Stephen: I like the first version.
Allen: That’s the base one with the fill-in-the-bubbles. I like the 8-bit, and am …. compelled… by the bust statuary. I want to find out if someone is actually selling those.
Matt: Have you gotten in touch with any of these… artists?
Allen: Nope. I’ve left comments on a few of the boards. But their comprehension of my English is likely as poor as mine of their Japanese.
Matt: Allen, back when you first posted the photo, it was 2000, the dawn of the era of social networking. Did you have any idea this sort of thing might happen? Or any trepidation about posting photos of your kid online?
Allen: Pish. I’m an old fart of the internet. I cut my teeth on USENET, and was cynical about public life before there _was_ a web. I think that our current popular neurosis about kid safety is drastically overblown. Stephen is so overwhelmingly safer than I was at his age, and I ranged far afield without concern from my parents.

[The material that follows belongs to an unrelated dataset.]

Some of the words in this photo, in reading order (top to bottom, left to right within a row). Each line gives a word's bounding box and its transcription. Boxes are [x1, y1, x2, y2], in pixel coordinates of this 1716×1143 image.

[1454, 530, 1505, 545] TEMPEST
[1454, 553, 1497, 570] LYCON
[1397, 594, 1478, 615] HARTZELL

We are a very very safe society, and the chance that someone seeing Stephen’s picture could materially impact his safety is silly-season (In My Humble Opinion).
Matt: IMHO, too. But has Stephen’s meme-ification changed anything? What happens when a private family picture goes viral? Does the picture still have the same personal resonance—do you see Stephen the happy baby or Stephen (Memephen?)?
Stephen: No opinion.
Allen: It’s changed something… but nothing has been taken away. Christine [his wife] and I discussed this at some length over dinner yesterday, musing to Stephen about the meaning of art. Baby pictures are a particularly pedestrian variety of art, but the principles apply just the same.

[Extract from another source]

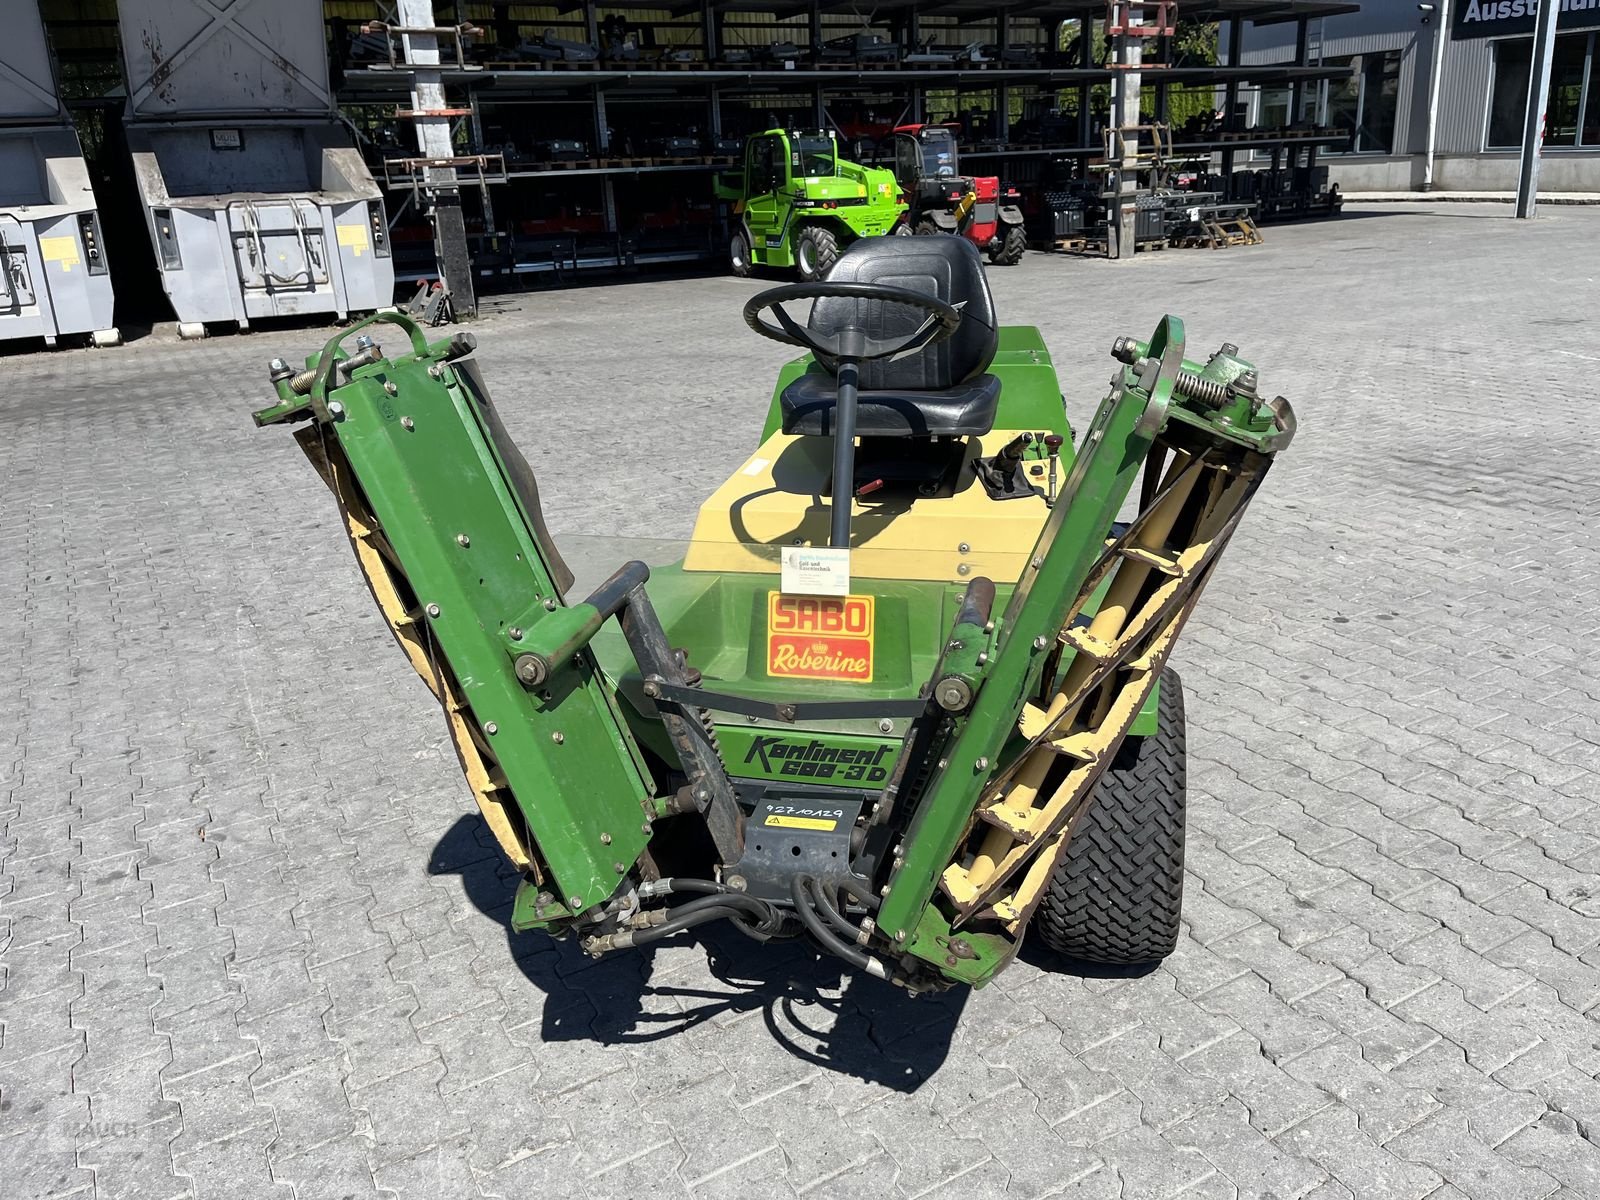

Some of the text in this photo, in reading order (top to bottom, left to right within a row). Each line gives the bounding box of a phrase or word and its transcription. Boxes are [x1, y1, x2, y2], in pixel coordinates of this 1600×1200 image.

[775, 599, 866, 632] SABO
[774, 644, 867, 672] Roberine
[744, 736, 893, 773] Kontinent

When you complete a piece of art, when you release it, you let it go. At that point the “meaning” of the work is as much or more a matter of the observer than it is of the creator. And these images have gone through so many incremental transformations, so many generations of perception and reinterpretation. There is far more of “Japan Culture” in Stephen-snake-head than there is of Stephen, or Christine or Allen.
So I see the original picture as the … trunk? Root? of some quixotic, absurd structure of humor and habit. And my relationship to it is tenuous at best.
Matt: Stephen, has this made you any more curious about how Japanese culture works? Or Internet culture in general?
Stephen: Not particularly.
Matt: Have you told your friends that you’re famous in Japan now?
Stephen: A few. I haven’t had contact with very many of my friends lately because I’ve been doing a lot of stuff in the last two weeks. I’ve been doing [a local college] “College for kids” and before that I was doing VBS (Vacation Bible School).
Matt: What did the friends you told think?
Stephen: I’m not really sure. Since I’ve told them I haven’t had lots of contact with them, and we’ve been talking about different subjects.
Matt: How would you react if one of your friends told you he’d suddenly become famous on the other side of the planet?
Stephen: For a bit, I might think he’d be joking, and eventually I’d be very amazed … and wondering how it happened.